Ispirato da un copione di Jean-Paul Sartre, intitolato «Typhus», il film di Allégret racconta il dramma di una giovane donna che si trova improvvisamente vedova, in una squallida cittadina messicana, del marito colpito da un’epidemia. Nitida, elegante signora francese in un mondo concesso alla miseria, al sole, alla pigrizia, la protagonista s’accorge che al dolore per la perdita del marito si sono aggiunti due grossi fastidi; nel trambusto della malattia è stata derubata; non solo, ma il terribile morbo che ha colpito il marito si è ora diffuso tra la popolazione. La fatale cittadina è ora una prigione da cui non si può fuggire. Nell’abbandono degli affetti, respingendo le lusinghe interessate del ricco proprietario dell’unico albergo, nel tedio di una condizione non sospettata, la giovane donna trova una consolazione: un ex-medico francese, che a causa del clima ha ceduto all’alcool e che a causa dell’alcool ha procurato per imperizia la morte della giovane moglie che stava per dargli un bambino. I due si ritrovano in una particolarissima e terrificante condizione umana: essi soli hanno coscienza del dolore, dell’angoscia e dell’orgoglio del mondo. Si rivelano l’uno all’altra quando crepitano i mortaretti ,e risuona lo scampanio della settimana santa, e mentre i primi colpiti dall’epidemia cadono come mosche.
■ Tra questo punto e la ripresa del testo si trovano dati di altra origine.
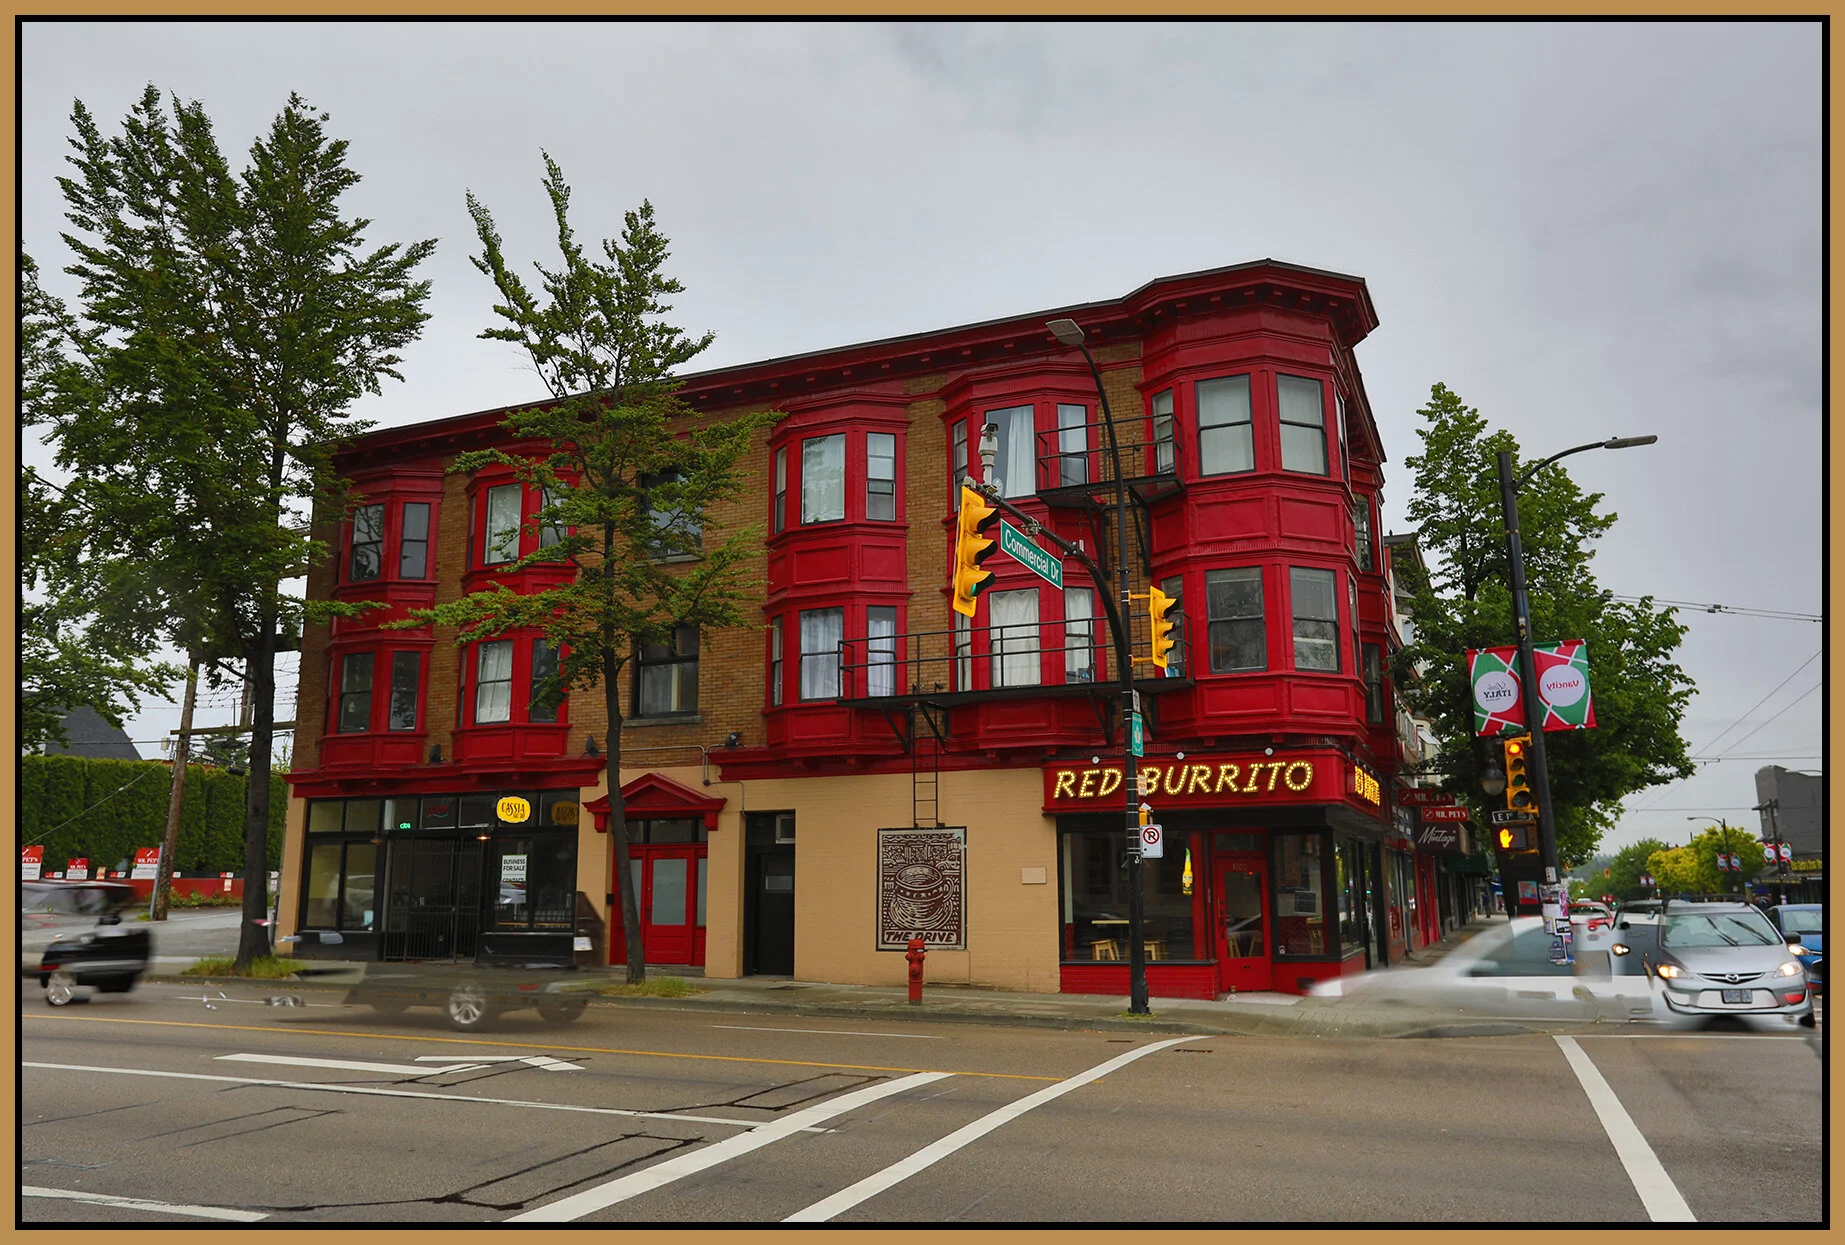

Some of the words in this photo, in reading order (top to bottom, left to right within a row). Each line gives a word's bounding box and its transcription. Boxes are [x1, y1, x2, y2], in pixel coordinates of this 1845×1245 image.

Gli orgogliosi non è certamente un film da consigliare alle educande o alla gente nervosa cui del resto il cinema riserva tanta di quella pappa molle che esse possono benissimo farne senza. Appare tuttavia chiaro che il film di Allégret è un’opera forte, chiusa, interessante, con soluzioni intelligenti e veraci (la rivelazione amorosa scaturita da un abbraccio occasionale), con caratteri ben delineati, un ambiente fisico ripreso sui luoghi con occhio intelligente e partecipe. Si può osservare, a puro titolo di curiosità culturale, che come film Gli orgogliosi ha alcune parentele, ma soltanto di brevi elementi figurativi, con un altro bel film tartassato dai virtuosi, Vite vendute di Clouzot, e come ispirazione letteraria ha qualche punto di contatto con l’eccellente romanzo dell’ex-antico di Sartre, cioè con La peste di Albert Camus. Il commento musicale, tutto di testa ma assai suggestivo, l’interpretazione mirabile di Michèle Morgan e quella, efficace ma tenuta un po’ in ombra, di Gérard Philipe, conferiscono poi a Gli orgogliosi quelle doti di perfezione formale, quell’accento di artigianato intelligente ed al corrente con la cultura che sono la migliore dote dei più riusciti film francesi.